3. Exploiting properties and functions specific to nanoscale as compared to the macro- or microscales; this is a key motivation for researching nanoscale.

According to the National Science Foundation and NNI, nanotechnology is the ability to understand, control, and manipulate matter at the level of individual atoms and molecules, as well as at the “supramolecular” level involving clusters of molecules (in the range of about 0.1 to 100 nm), in order to create materials, devices, and systems with fundamentally new properties and functions because of their small structure. The definition implies using the same principles and tools to establish a unifying platform for science and engineering at the nanoscale, and employing the atomic and molecular interactions to develop efficient manufacturing methods.

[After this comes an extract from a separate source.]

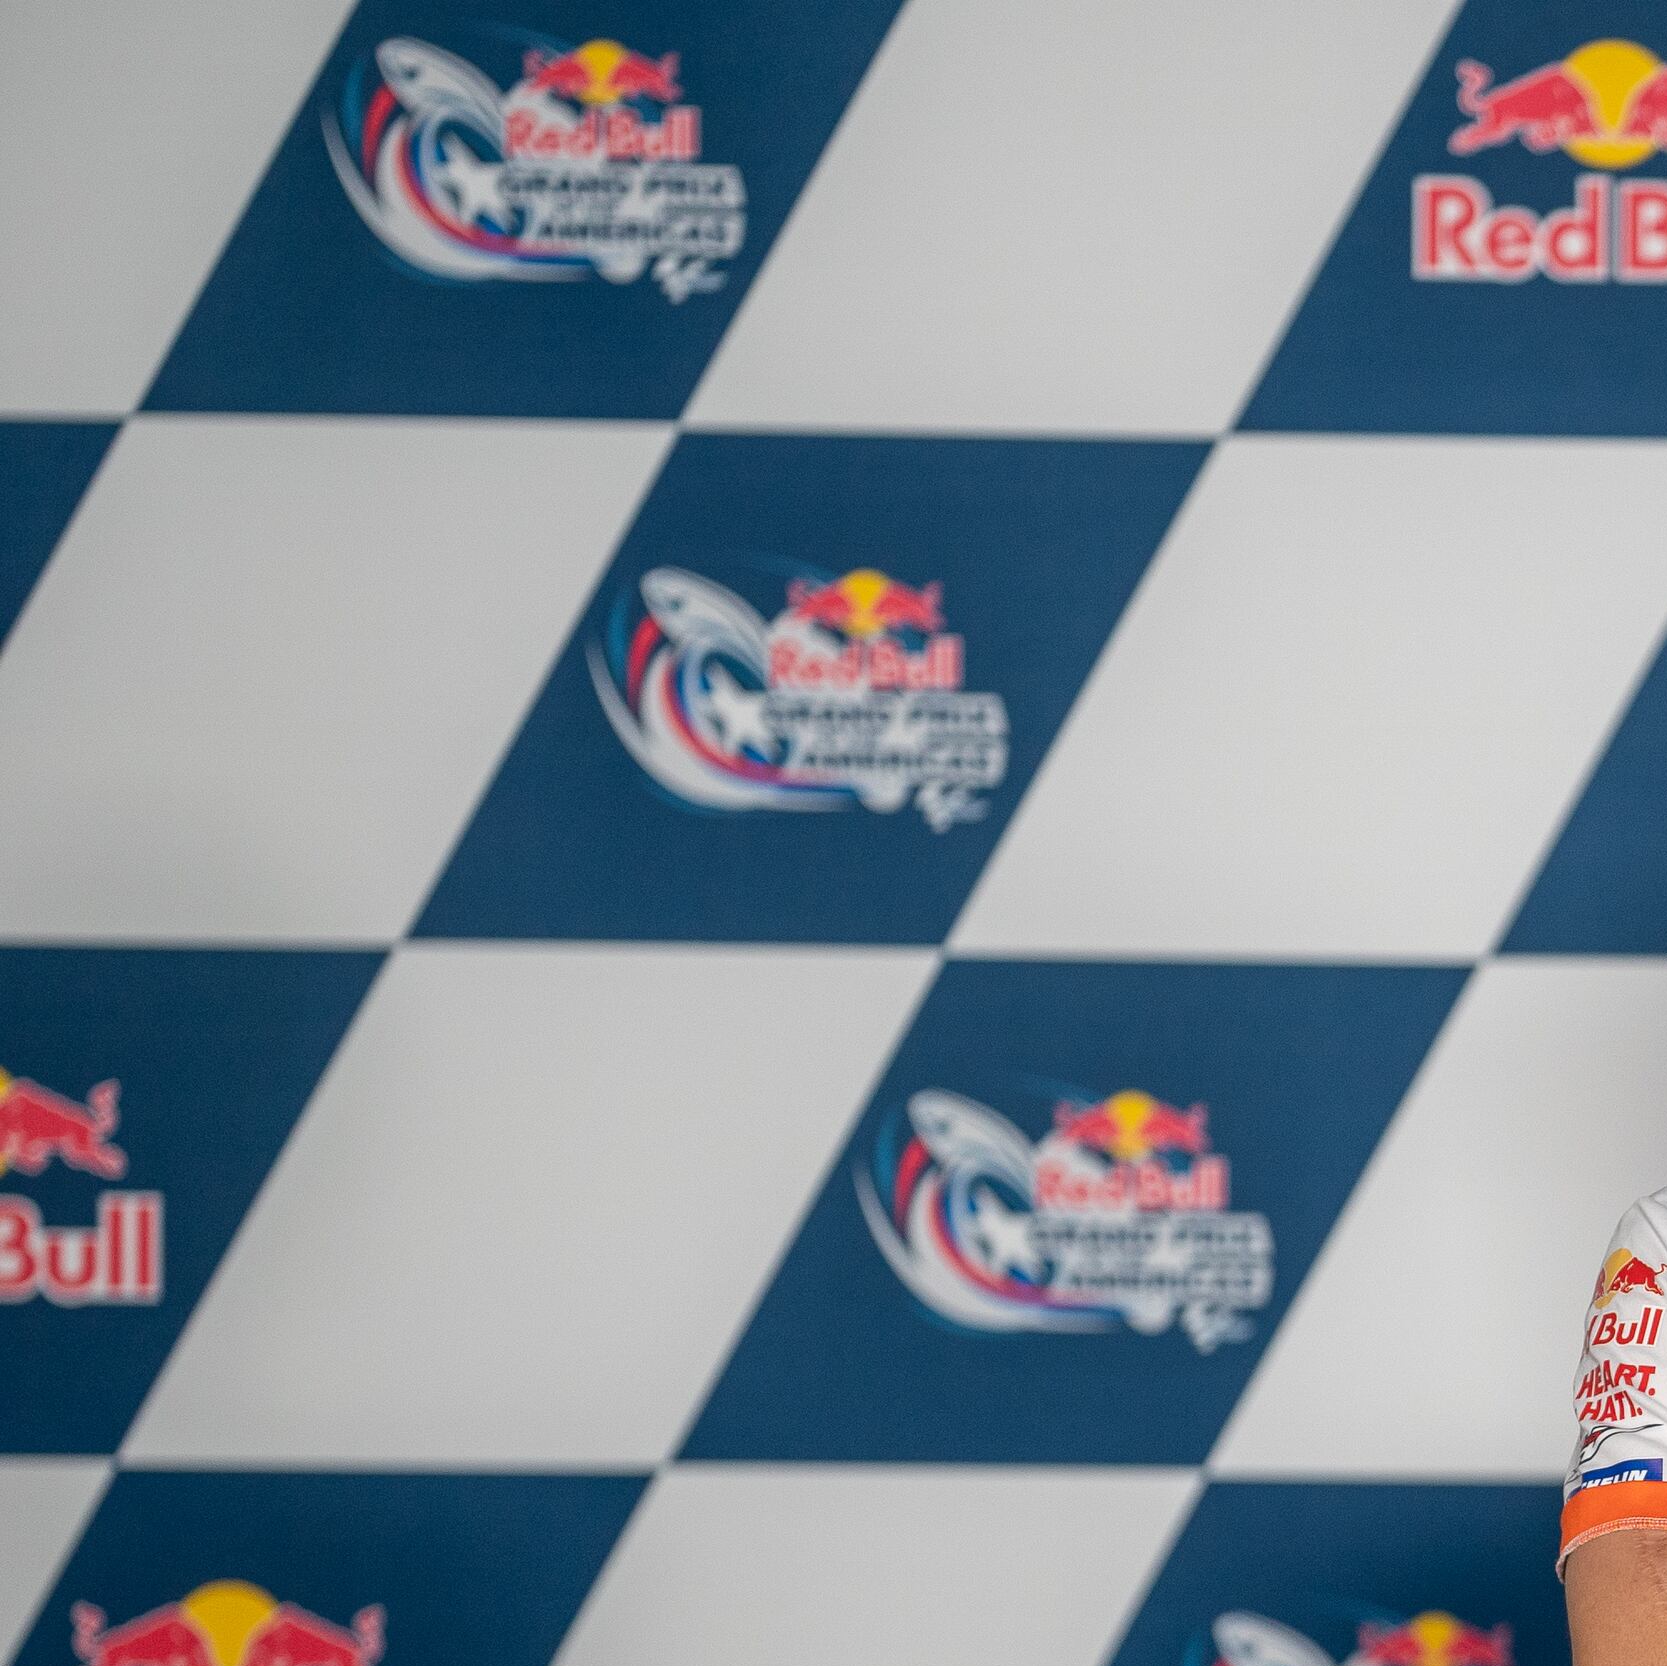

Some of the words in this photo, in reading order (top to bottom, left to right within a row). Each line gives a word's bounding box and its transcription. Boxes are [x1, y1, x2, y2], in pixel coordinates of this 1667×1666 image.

There are at least three reasons for the current interest in nanotechnology. First, the research is helping us fill a major gap in our fundamental knowledge of matter. At the small end of the scale — single atoms and molecules — we already know quite a bit from using tools developed by conventional physics and chemistry. And at the large end, likewise, conventional chemistry, biology, and engineering have taught us about the bulk behavior of materials and systems. Until now, however, we have known much less about the intermediate nanoscale, which is the natural threshold where all living and manmade systems work. The basic properties and functions of material structures and systems are defined here and, even more importantly, can be changed as a function of the organization of matter via ‘‘weak” molecular interactions (such as hydrogen bonds, electrostatic dipole, van der Waals forces, various surface forces, electro-fluidic forces, etc.). The intellectual drive toward smaller dimensions was accelerated by the discovery of size-dependentnovel properties and phenomena. Only since 1981 have we been able to measure the size of a cluster of atoms on a surface (IBM, Zurich), and begun to provide better models for chemistry and biology selforganization and self-assembly. Ten years later, in 1991, we were able to move atoms on surfaces (IBM, Almaden). And after ten more years, in 2002, we assembled molecules by physically positioning the component atoms. Yet, we cannot visualize or model with proper spatial and temporal accuracy a chosen domain of engineering or biological relevance at the nanoscale. We are still at the beginning of this road. A second reason for the interest in nanotechnology is that nanoscale phenomena hold the promise for fundamentally new applications. Possible examples include chemical manufacturing using designed molecular
assemblies, processing of information using photons or electron spin, detection of chemicals or bioagents using only a few molecules, detection and treatment of chronic illnesses by subcellular interventions, regenerating tissue and nerves, enhancing learning and other cognitive processes by understanding the “society” of neurons, and cleaning contaminated soils with designed nanoparticles. Using input from industry and academic experts in the U.S., Asia Pacific countries, and Europe between 1997 and 1999, we have projected that $1 trillion in products incorporating nanotechnology and about 2 million jobs worldwide will be affected by nanotechnology by 2015 (Roco and Bainbridge, 2001). Extrapolating from information technology, where for every worker, another 2.5 jobs are created in related areas, nanotechnology has the potential to create 7 million jobs overall by 2015 in the global market. Indeed, the first generation of nanostructured metals, polymers, and ceramics have already entered the commercial marketplace.